** EXERCISE DIRECTIONS **
From the line containing "this 1600×1200 image." onward, retype each line of the entries below exactly, last line included.

** LISTED ENTRIES **
═══
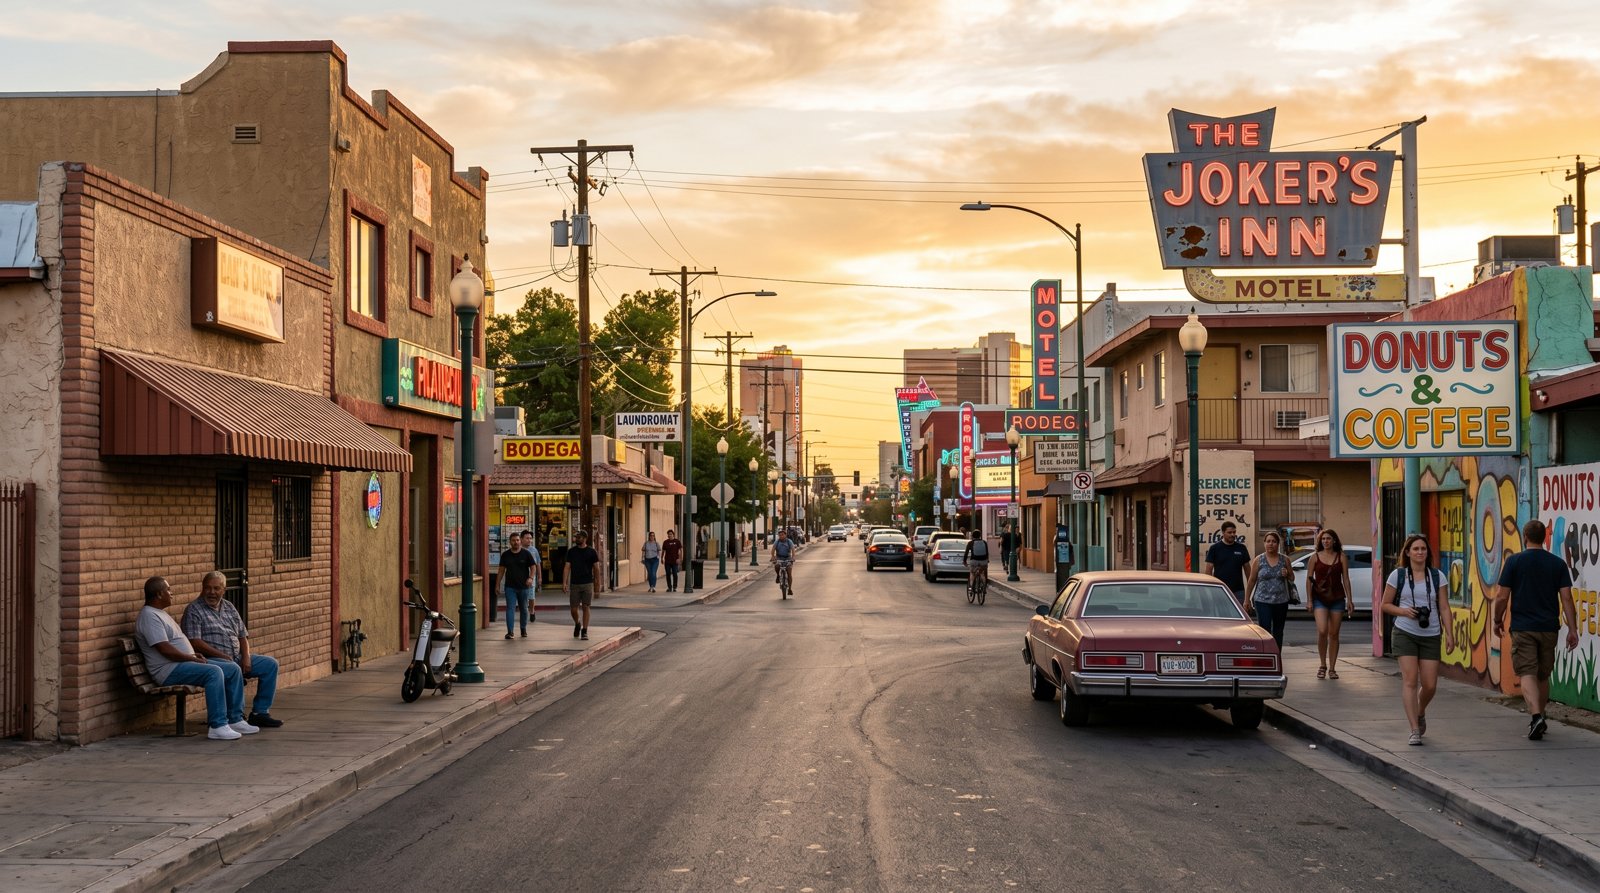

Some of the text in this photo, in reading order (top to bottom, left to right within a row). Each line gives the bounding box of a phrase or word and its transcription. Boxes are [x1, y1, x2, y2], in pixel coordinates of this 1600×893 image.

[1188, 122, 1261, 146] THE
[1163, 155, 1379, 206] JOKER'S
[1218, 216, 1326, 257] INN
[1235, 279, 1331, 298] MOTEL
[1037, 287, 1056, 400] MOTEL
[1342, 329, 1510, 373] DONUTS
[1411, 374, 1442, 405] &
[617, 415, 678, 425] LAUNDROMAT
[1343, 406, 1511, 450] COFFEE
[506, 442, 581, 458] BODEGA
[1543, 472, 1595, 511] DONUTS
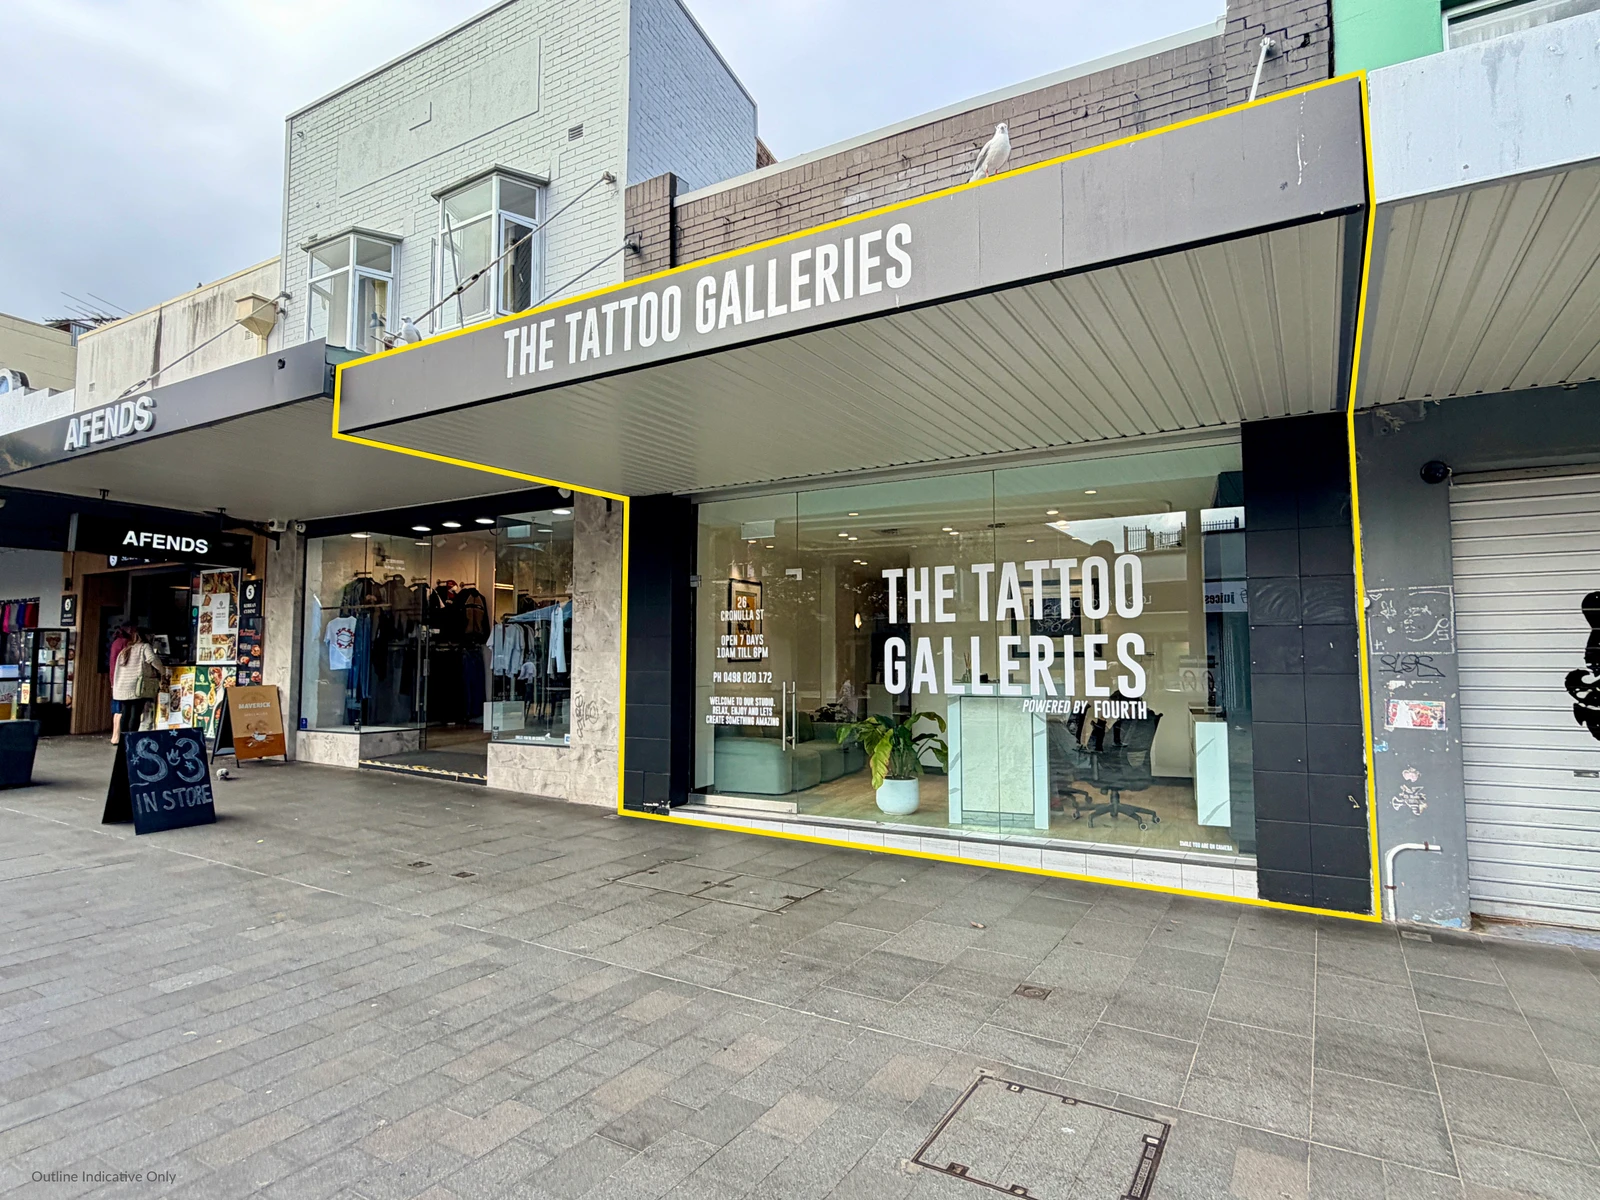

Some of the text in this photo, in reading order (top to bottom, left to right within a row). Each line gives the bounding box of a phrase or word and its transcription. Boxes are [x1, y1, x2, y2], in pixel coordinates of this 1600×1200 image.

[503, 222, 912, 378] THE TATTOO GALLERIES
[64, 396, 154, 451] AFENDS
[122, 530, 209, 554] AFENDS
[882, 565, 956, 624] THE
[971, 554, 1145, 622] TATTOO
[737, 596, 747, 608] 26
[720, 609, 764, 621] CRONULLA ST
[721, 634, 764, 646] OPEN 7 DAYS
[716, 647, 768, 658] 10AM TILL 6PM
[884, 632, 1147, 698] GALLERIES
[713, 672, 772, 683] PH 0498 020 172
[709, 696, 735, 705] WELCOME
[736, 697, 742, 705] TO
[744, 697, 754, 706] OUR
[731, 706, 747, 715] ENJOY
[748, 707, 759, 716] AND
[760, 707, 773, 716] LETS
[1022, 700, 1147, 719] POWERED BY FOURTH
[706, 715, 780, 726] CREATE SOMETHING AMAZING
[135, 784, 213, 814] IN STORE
═══
** TASK ANSWER **
Some of the text in this photo, in reading order (top to bottom, left to right within a row). Each line gives the bounding box of a phrase or word and its transcription. Boxes are [x1, y1, x2, y2], in pixel coordinates of this 1600×1200 image.

[503, 222, 912, 378] THE TATTOO GALLERIES
[64, 396, 154, 451] AFENDS
[122, 530, 209, 554] AFENDS
[882, 565, 956, 624] THE
[971, 554, 1145, 622] TATTOO
[737, 596, 747, 608] 26
[720, 609, 764, 621] CRONULLA ST
[721, 634, 764, 646] OPEN 7 DAYS
[716, 647, 768, 658] 10AM TILL 6PM
[884, 632, 1147, 698] GALLERIES
[713, 672, 772, 683] PH 0498 020 172
[709, 696, 735, 705] WELCOME
[736, 697, 742, 705] TO
[744, 697, 754, 706] OUR
[731, 706, 747, 715] ENJOY
[748, 707, 759, 716] AND
[760, 707, 773, 716] LETS
[1022, 700, 1147, 719] POWERED BY FOURTH
[706, 715, 780, 726] CREATE SOMETHING AMAZING
[135, 784, 213, 814] IN STORE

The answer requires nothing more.